So the first thing to notice is that you assume in here that participants are exchangeable, so there is no more or less skilled participants - is this assumption correct for your data? The first thing that comes to my mind is that for the kind of data as yours Item Response Theory models would be better suited. Using such models you could estimate model assuming that the tasks vary in their difficulty and that the participants vary in their skills (e.g. using simple Rasch model).

But let's stick to what you said and assume that participants are exchangeable and you are interested only in probabilities per task. As others already noticed, you are not dealing here with Poisson binomial distribution, since we use such distribution for sums of successes from $N$ independent Bernoulli trials with different probabilities $p_1,\dots,p_N$. For this you would have to introduce new random variable defined as $Y_j = \sum_{i=1}^N X_{ij}$, i.e. total number of successes per participant. As noted by Xi'an, parameters $p_i$ are not identifiable in here and if you have data on result of each trial by each participant, it is better to think about it as of Bernoulli variables parametrized by $p_i$.

From what you are saying, you would like to test if Poisson binomial distribution fits the data better then ordinary binomial. As I read it, you want to test if the trials differ in probabilities of success, versus if probability of success is the same for each trial (since $p_1 = p_2 = \dots = p_N$ is an ordinary binomial distribution). Saying it other way around, your null hypothesis would be that not only participants, but also trials are exchangeable, so identifying particular trials tells us nothing about the data since they all have the same probability of success. If we have null hypothesis stated like this, it instantly leads to permutation test, where you would randomly "shuffle" your $N\times K$ matrix and compare the statistic computed on such permuted data to statistic computed on unshuffled data. For the statistic to compare I would use combined variance's

$$ \sum_{i=1}^N \hat p_i(1-\hat p_i) $$

where $\hat p_i$ is probability of success estimated from the data for the $i$-th participant (columnwise means). In case of equal $\hat p_i$'s would reduce to $N \hat p(1-\hat p)$.

To illustrate it I conducted a simulation with three different scenarios: (a) all $p_i = 0.5$, (b) they come from Beta(1000,1000) distribution, (c) they come from uniform distribution. In the first case $p_i$'s are all equal; in the second case they are "random", but grouped around common mean; and in the third case they are totally "random". The plot below shows distributions of test statistic under null hypothesis (i.e. computed on shuffled data), red lines show the variance computed on unshuffled data. As you can see, the combined variances of unshuffled data crosses with the null distribution in the first case (test is not significant) and slightly approach the distribution in the second case (significant difference from the null).
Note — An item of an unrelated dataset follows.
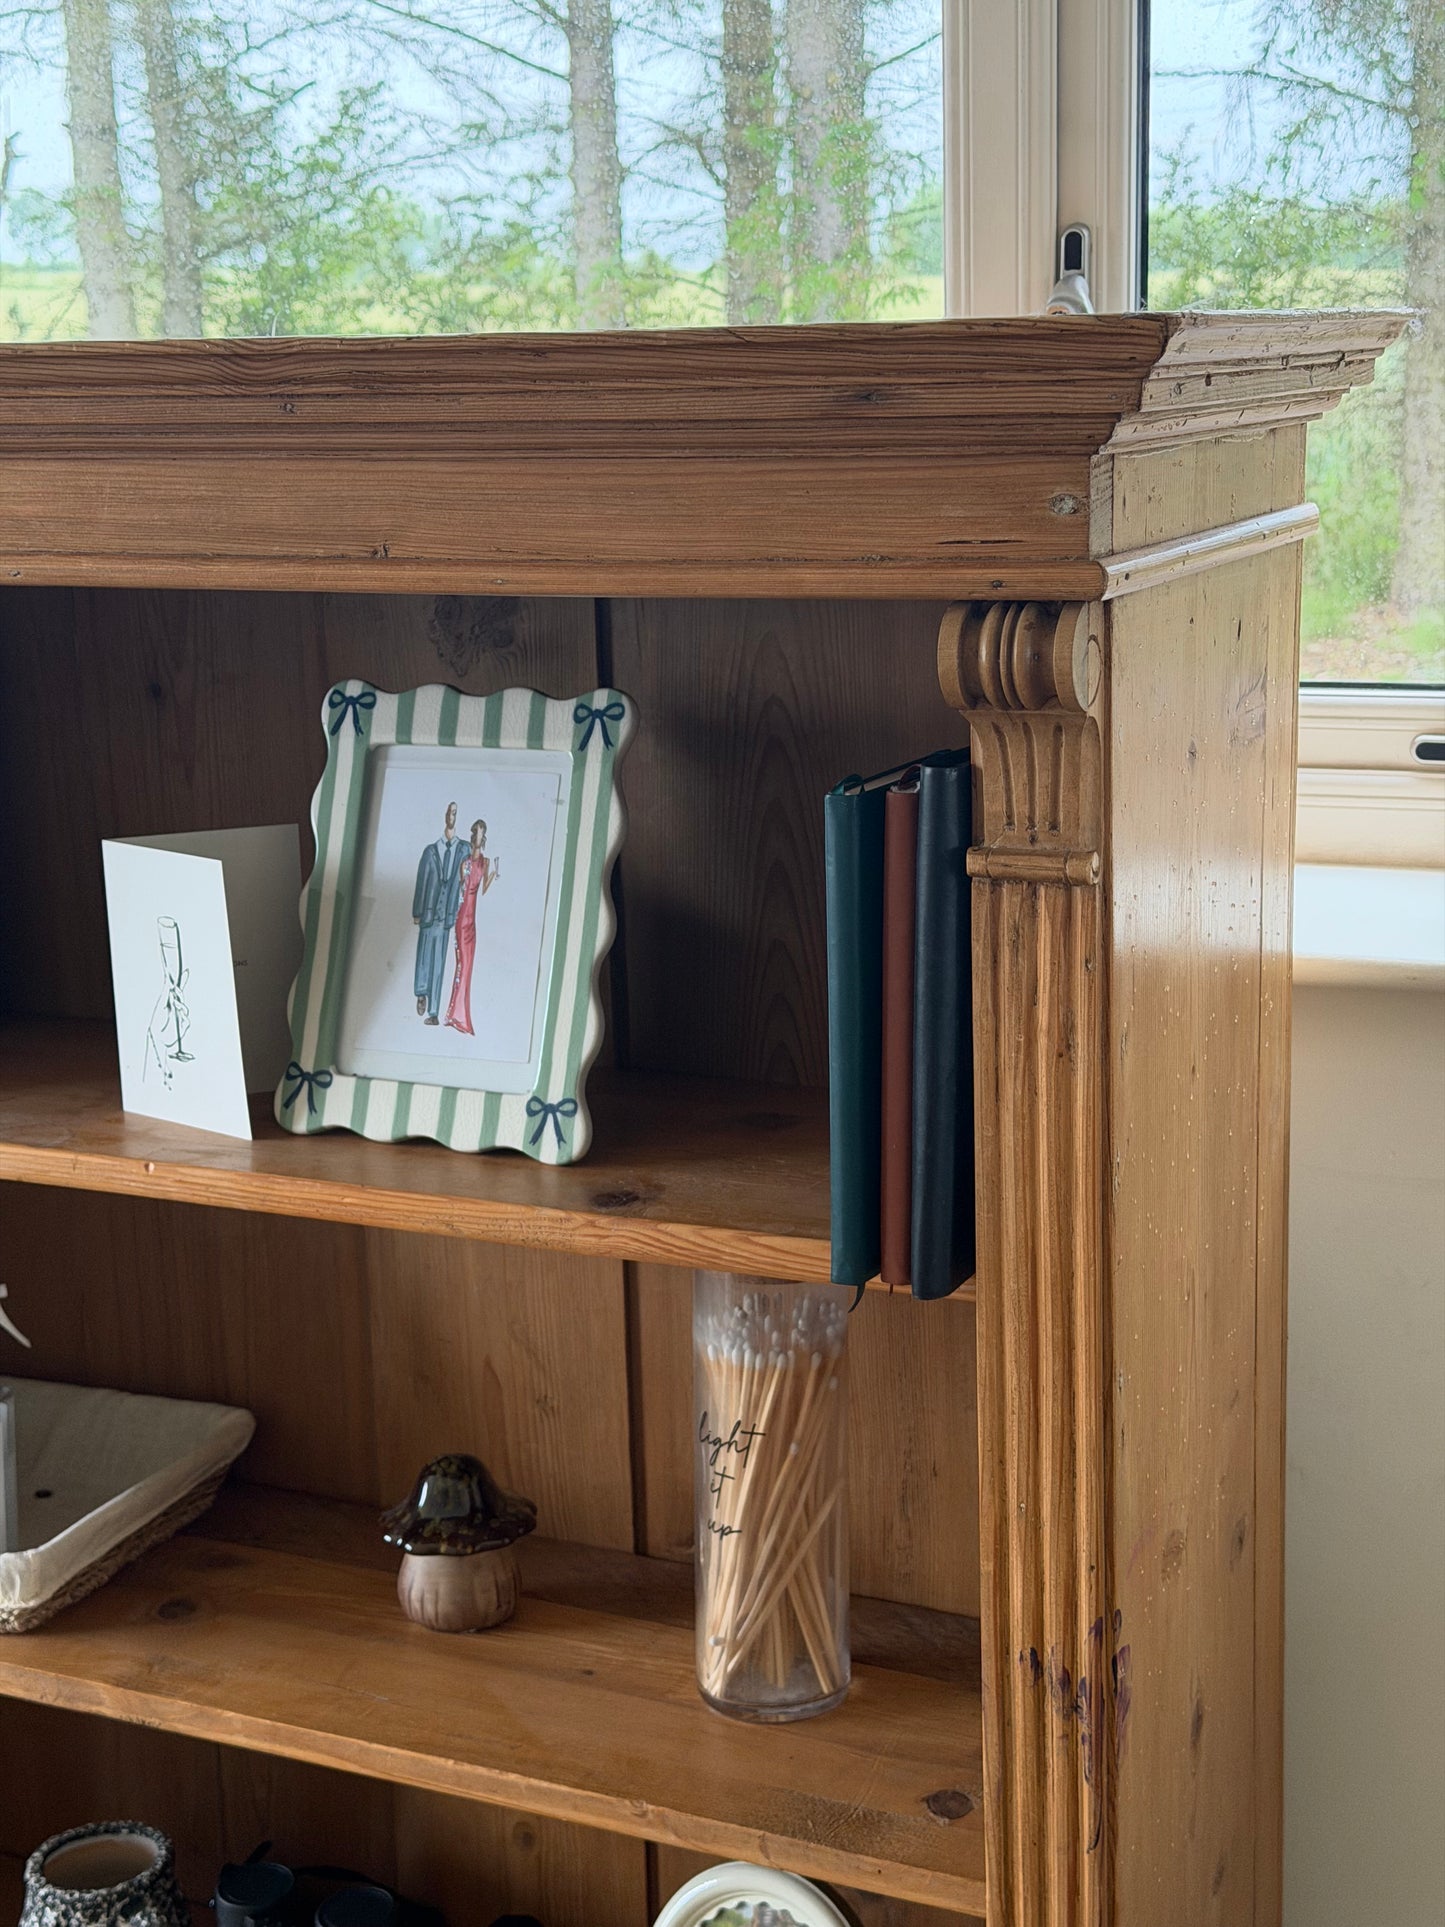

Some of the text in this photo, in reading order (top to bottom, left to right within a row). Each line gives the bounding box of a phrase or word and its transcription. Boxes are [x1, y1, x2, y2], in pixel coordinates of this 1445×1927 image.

[699, 1411, 766, 1468] light
[710, 1466, 735, 1509] it
[707, 1519, 742, 1541] up
In the third case the red line is even not visible on the plot since it is that far from the null distribution (significant difference).

Results of simulation

So while the test correctly identified "all the same $p_i$'s" scenario (a), but didn't find the "similar but not the same" scenario (b) to fulfill the criteria of equality. The question is if you want to be that strict about it? Nonetheless, this is a direct implementation of test for your hypothesis. It compares the basic criteria that would enable you to distinguish ordinary binomial from Poisson binomial (their variances).

There is of course lot's of other possibilities, more or less appropriate depending on your problem, e.g.: comparing the individual confidence intervals, pairwise $z$-tests, ANOVA, using some kind of logistic regression model etc. However, as I said before, this sounds rather like a problem for Item Response Theory models and assuming equal skills of participants sounds risky.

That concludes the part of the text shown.